In order to provide working capital and funds to such branch offices, the Head office in India remits funds either as expenses reimbursement or as contribution to meet working capital requirements. The Branch offices may be entrusted to promote the business, marketing and client relationship including delivery of services to customers.
These funds are generally utilized by the Branch offices for meeting expenses towards salaries, rent, office administration, travelling, payments to vendors for support services etc.
The issue which needs clarity is whether such expense reimbursement or transfer of funds from the Head office in India to a branch overseas will attract service tax on account of deeming fiction created in Explanation 2 of Section 65B(44) (erstwhile Section 66A) of Finance Act, 1994 (‘Service Tax Law’). This deeming fiction provides that an establishment of a person located in taxable territory and another establishment of such person located in non-taxable territory are treated as establishments of distinct persons.
As per the Education Guide on Taxation of Services issued in July 2012 (on introduction of negative list based service taxation regime), the implications of this deeming provision is that inter-se provision of services between such persons, deemed to be separate persons, would be taxable. For example, services provided by the branch office of a multinational company to the headquarters of the multi-national company located outside India would be taxable provided other conditions relating to taxability of service are satisfied.
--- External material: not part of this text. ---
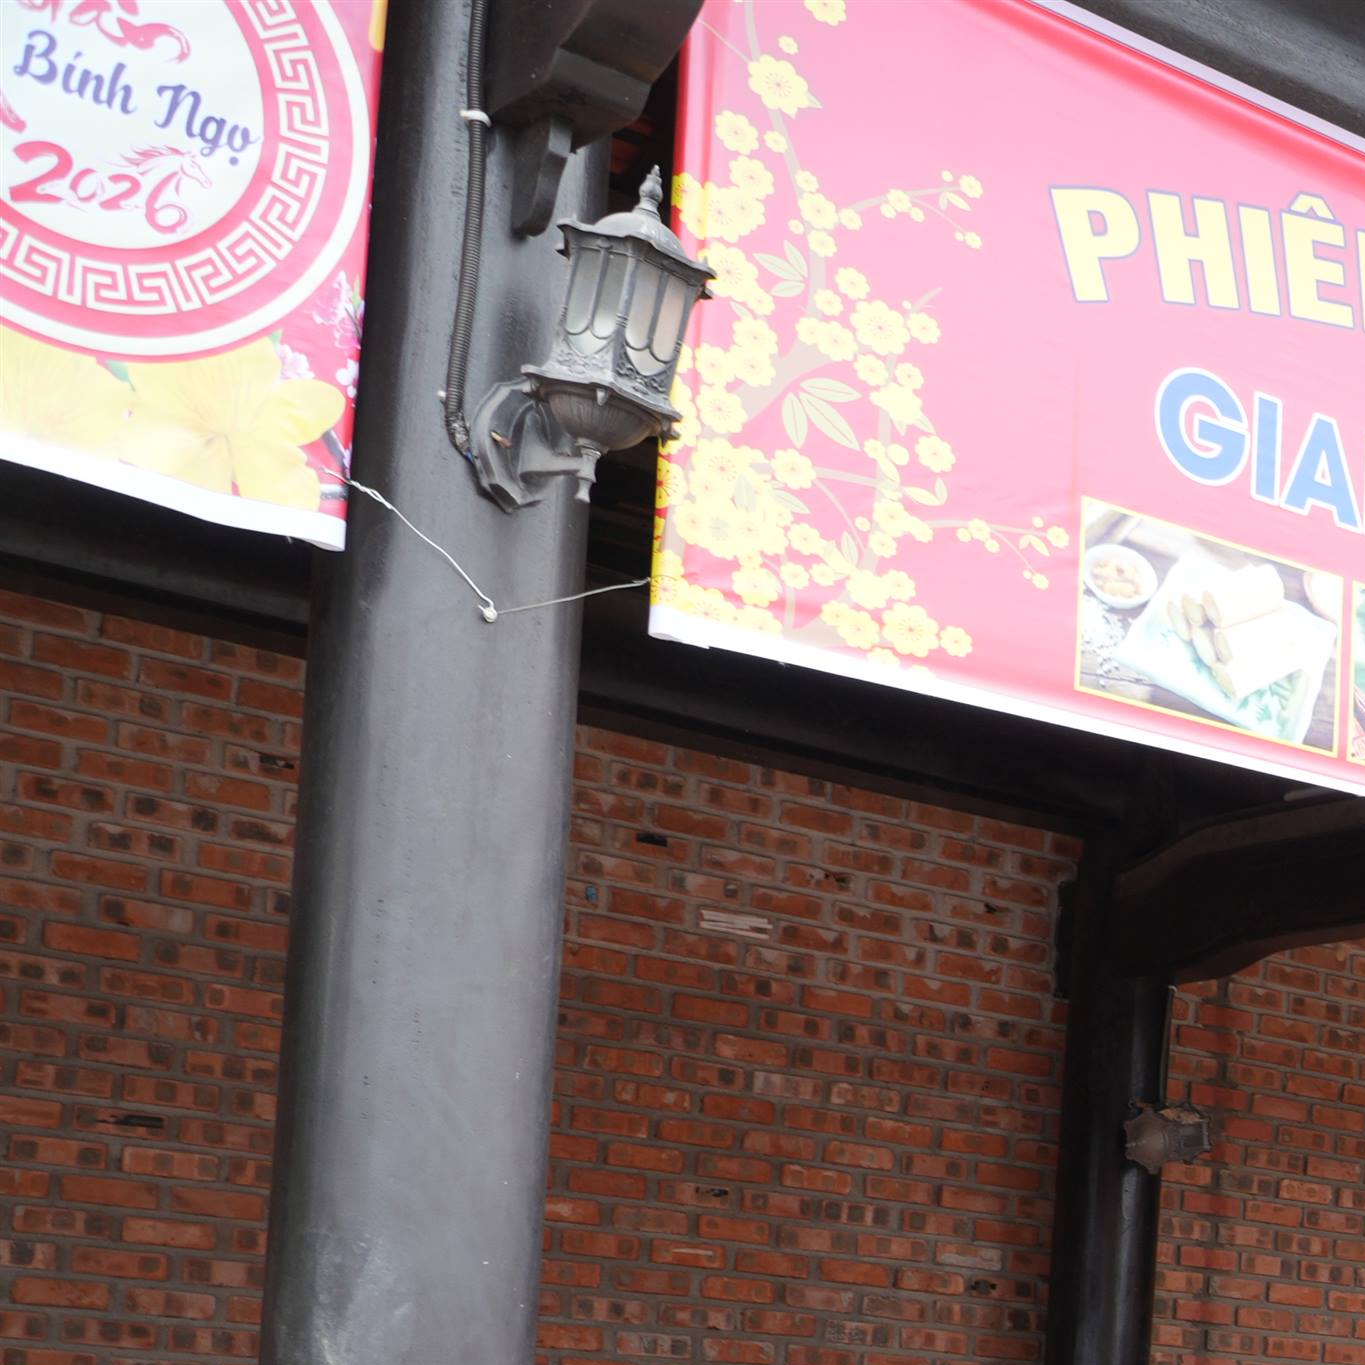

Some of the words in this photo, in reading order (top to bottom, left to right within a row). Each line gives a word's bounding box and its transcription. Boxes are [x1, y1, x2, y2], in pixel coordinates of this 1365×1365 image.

[13, 30, 138, 115] Bính
[153, 84, 260, 166] Ngọ
[9, 141, 188, 234] 2026
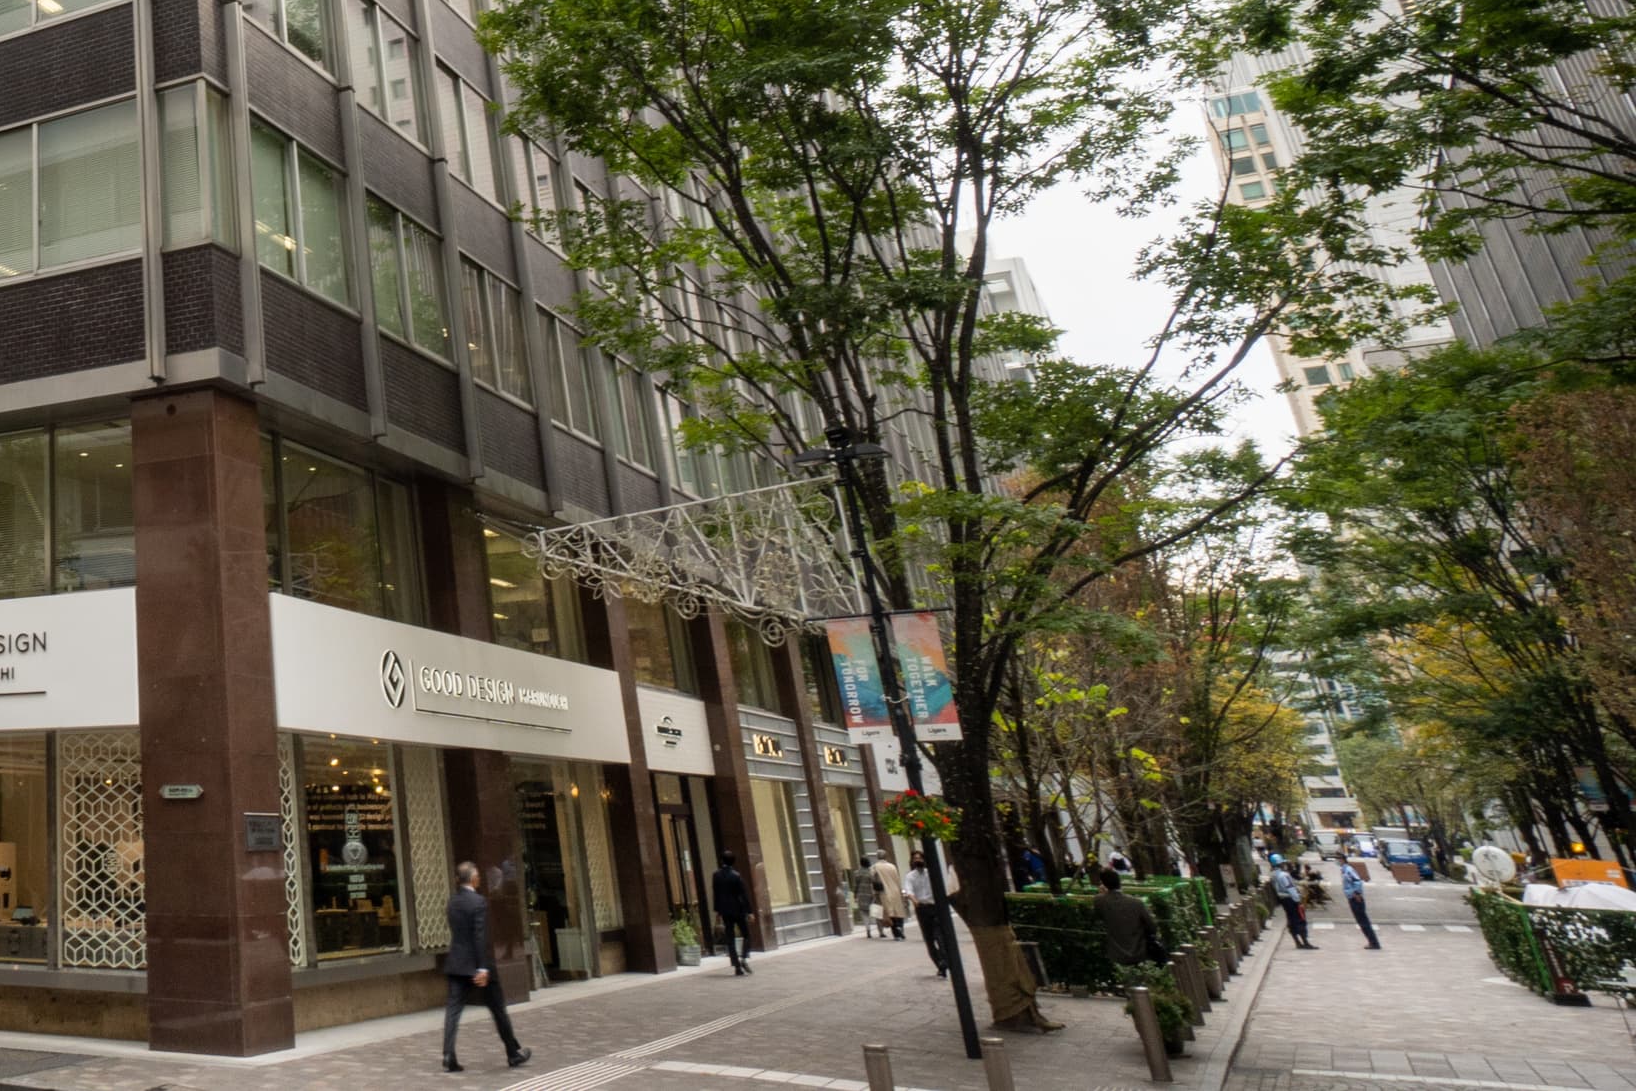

Considering this deeming fiction, adjudicating authorities across the country have raised demand on such expenses reimbursement or transfer of funds to the overseas branch office on the ground that the Branch office is providing services to the HO and such payments are construed to be a consideration for the service.
While the recent judicial precedents, in case of KPIT Technologies – 2014-TIOL-1529-CESTAT-MUM and Torrent Pharmaceuticals – 2014-TIOL-2647-CESTAT-AHM, provide relief to the assesseeon the ground that as per emerging international concepts on reverse charge mechanism a service provided to oneself cannot be taxed. The Tribunal has held that if the expenses incurred by the Branch have suffered the local VAT/GST in that country and such expenses are reimbursed by HO, then the same expense cannot be taxed again under reverse charge basis.
The tribunal further expressed that the purpose of Section 66A is for taxing the import of services and not for taxing monetary transactions between the branch and head office.
The counsels have argued that the purpose of deeming fiction is to ensure that the services received by the overseas Branch is not construed to be taxed under reverse charge mechanism in the hands of the Head office. However, Education Guide on Service taxation clarifies to the contrary.
Though the aforesaid decisions involve periods prior to the introduction of negative list based taxation regime, however, it is expected that the treatment should not materially alter in absence of any service being rendered by the Branch to the Head office.
As the quantum of exposure is significant and many Industry players are affected, it is expected that FM will pay heed to the representation of the IT industry and issue a suitable clarification on the real purpose of the introduction of deeming fiction to reduce unwarranted litigation and achieve certainty of tax treatment.